This game at the WJC has become a New Year’s Eve tradition and probably the game most junior hockey fans look forward to each year. Each year there is very little to choose from between these two hockey nations. Being that it was on home soil and in the hockey savvy Bell Centre really made it advantage Canada. It was a thriller and gave fans every penny of the big prices they paid for their tickets.
The game was chalked up as a Connor McDavid-Jack Eichel clash. That really underplays the skill and desire of the other 40-some players in the game. The World Junior Championship has often been labeled a 19 year old tournament in that the 19 year olds usually dominate and this game was no different. Players like Max Domi and Sam Reinhart dominated for the Canadiens with 18 year olds Dylan Larkin and Sonny Milano spurring on the U.S. side.
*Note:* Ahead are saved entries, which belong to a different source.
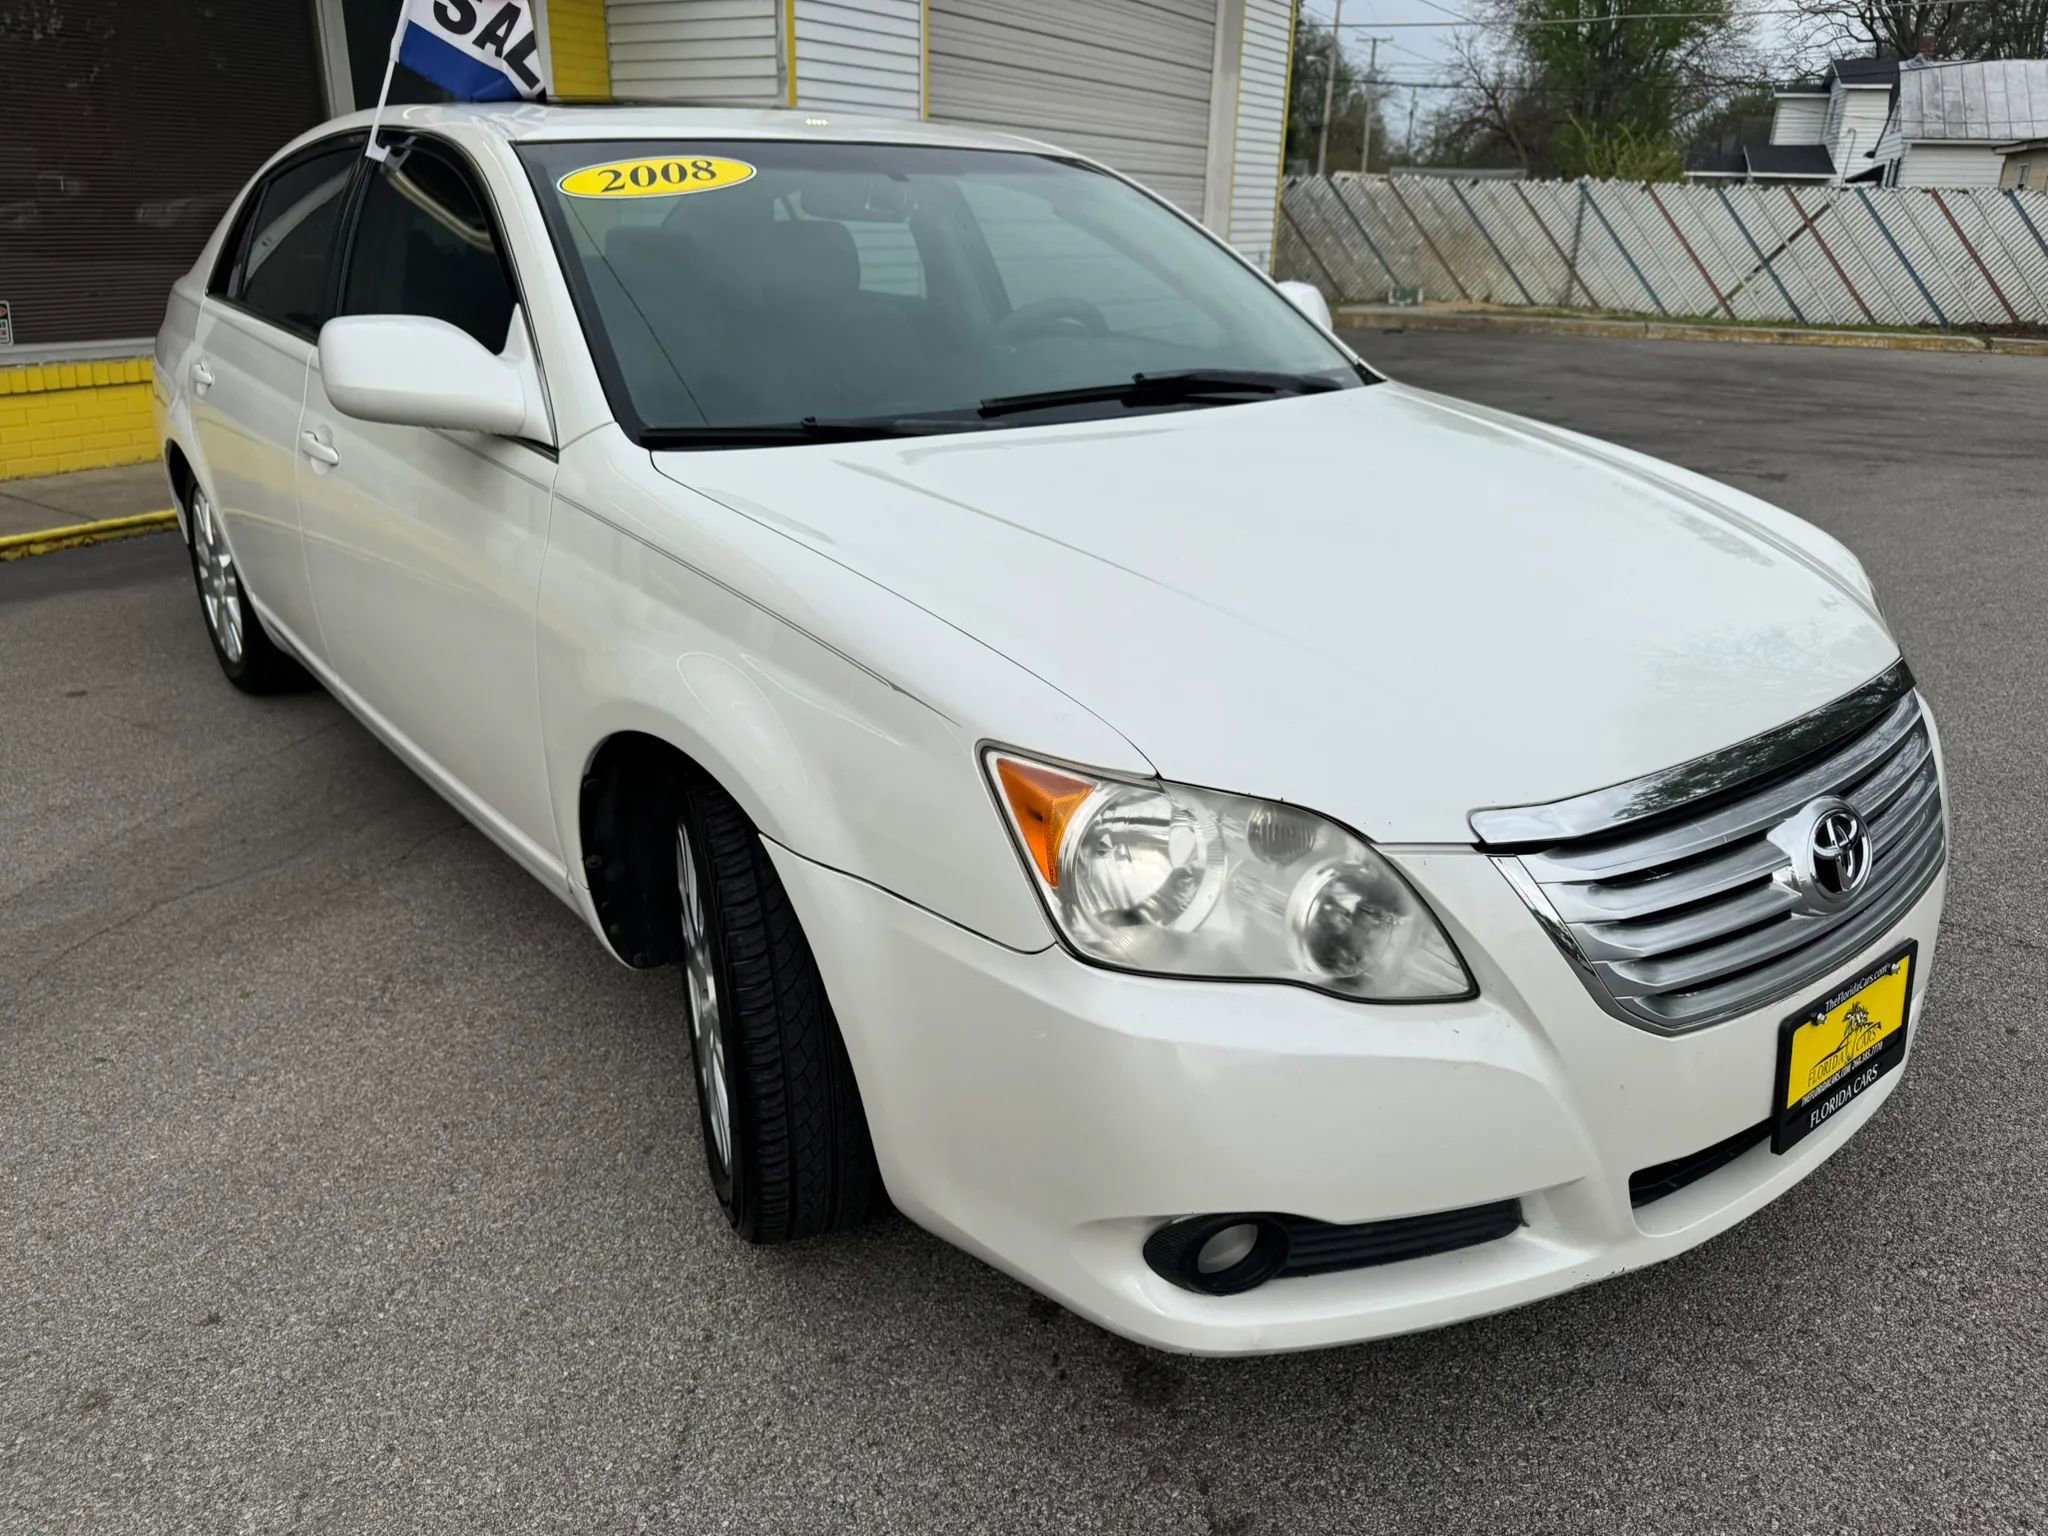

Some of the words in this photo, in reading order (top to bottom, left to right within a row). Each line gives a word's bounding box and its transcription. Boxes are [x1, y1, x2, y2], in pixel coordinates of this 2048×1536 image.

[433, 0, 546, 101] SAL
[598, 160, 717, 192] 2008
[1825, 964, 1888, 1012] TheFloridaCars.com
[1808, 1049, 1847, 1087] FLORIDA
[1855, 1028, 1877, 1051] CARS
[1810, 1084, 1853, 1128] FLORIDA
[1854, 1063, 1879, 1094] CARS
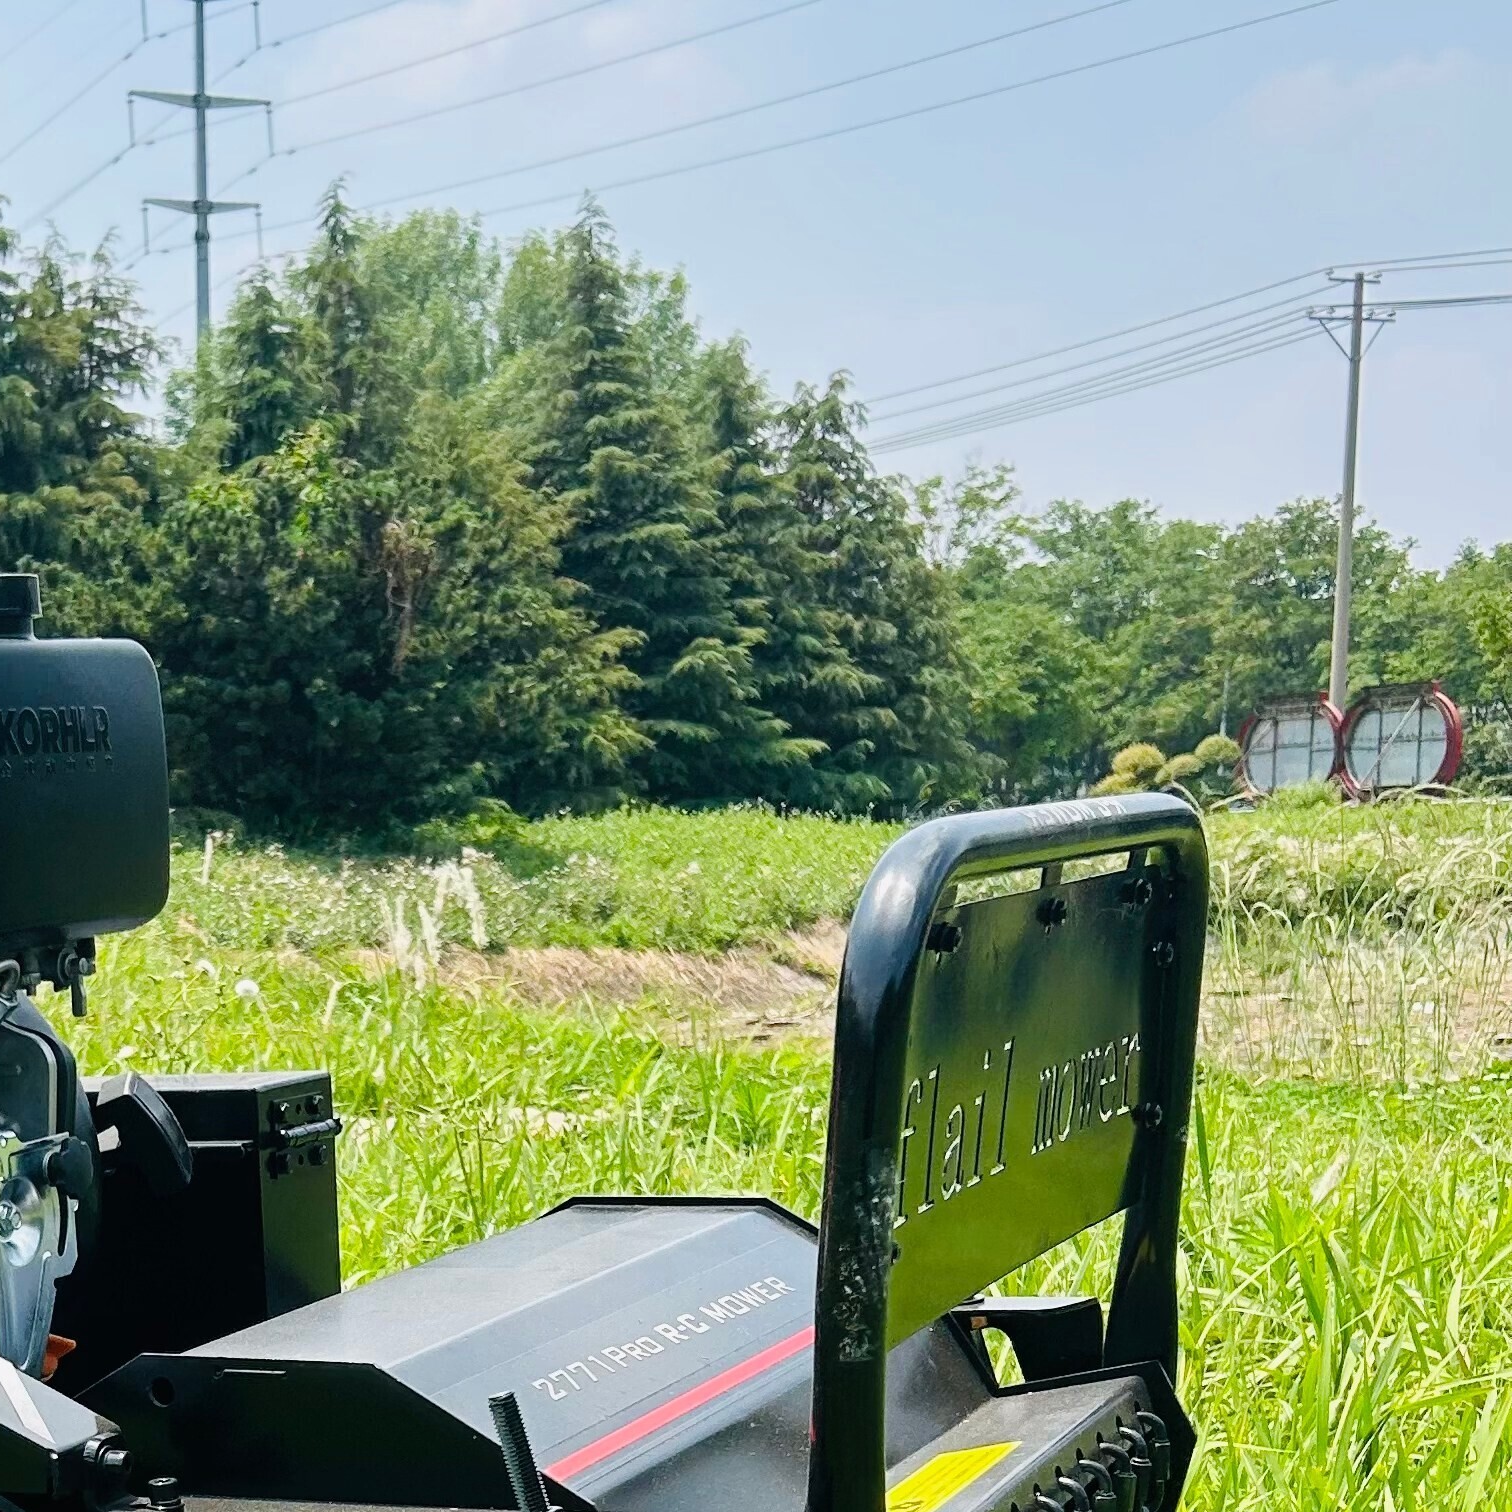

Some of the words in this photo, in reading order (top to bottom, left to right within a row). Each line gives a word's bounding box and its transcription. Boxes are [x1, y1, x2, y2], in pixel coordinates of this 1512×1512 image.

[893, 1036, 1016, 1229] flail
[653, 1313, 711, 1345] R-C
[698, 1276, 797, 1324] MOWER
In the end both McDavid and Eichel had an assist each, but if you had to name a winner then this one goes to McDavid as Eichel ended the game -3.
Demonstrating that this was going to be an offensively minded game right from the beginning shots came fast and furious in the pretty much evenly played 1st period. Canada directed 17 at the United States’ Thatcher Demko while Canada’s surprise starter Eric Comrie had to deal with 13. Despite seeing all that rubber neither goaltender flinched and the 1st ended in a 0-0 deadlock.
That does not mean that the period was uneventful. When Anthony Duclair and Tyler Motte got into it even before the puck was dropped to begin the game you knew that it was going to be a physical contest. A fun to watch grudge match. While the teams are roughly the same size it was Canada who definitely had the advantage physically. Josh Morrissey and Nick Ritchie doled out a couple of thunderous hits over the course of the 1st period.
Through much of the tournament Max Domi, a player who was left off the Canadian team last year, has been the emotional sparkplug for his team. He plays with plenty of enthusiasm without getting penalties. The Montreal fans love the way he plays the game so much they forgot for the time being that he is property of the Arizona Coyotes and his former NHLer father was a member of the hated Toronto Maple Leafs and chanted “Domi, Domi” at several points during and after the game. Domi showed his combination of skill and speed on the game’s opening goal.
For most of the 2nd period the Canadian team carried the play and finally opened the scoring just over 7 minutes into the period. The goal came as a result of a partnership that has really shone over the first 4 games of the tournament for Canada – Max Domi and Sam Reinhart. Domi used his speed down the left side and then toe dragged the puck around U.S. defender Brandon Carlo to release a wrist shot on net. The cerebral Reinhart just knows where to be on the ice and was the first man on the rebound. With his head up he fed the puck over to Domi, who continued towards the net after taking the initial shot. Domi’s shot found space over Demko’s pad and sent the crowd into fits of joy.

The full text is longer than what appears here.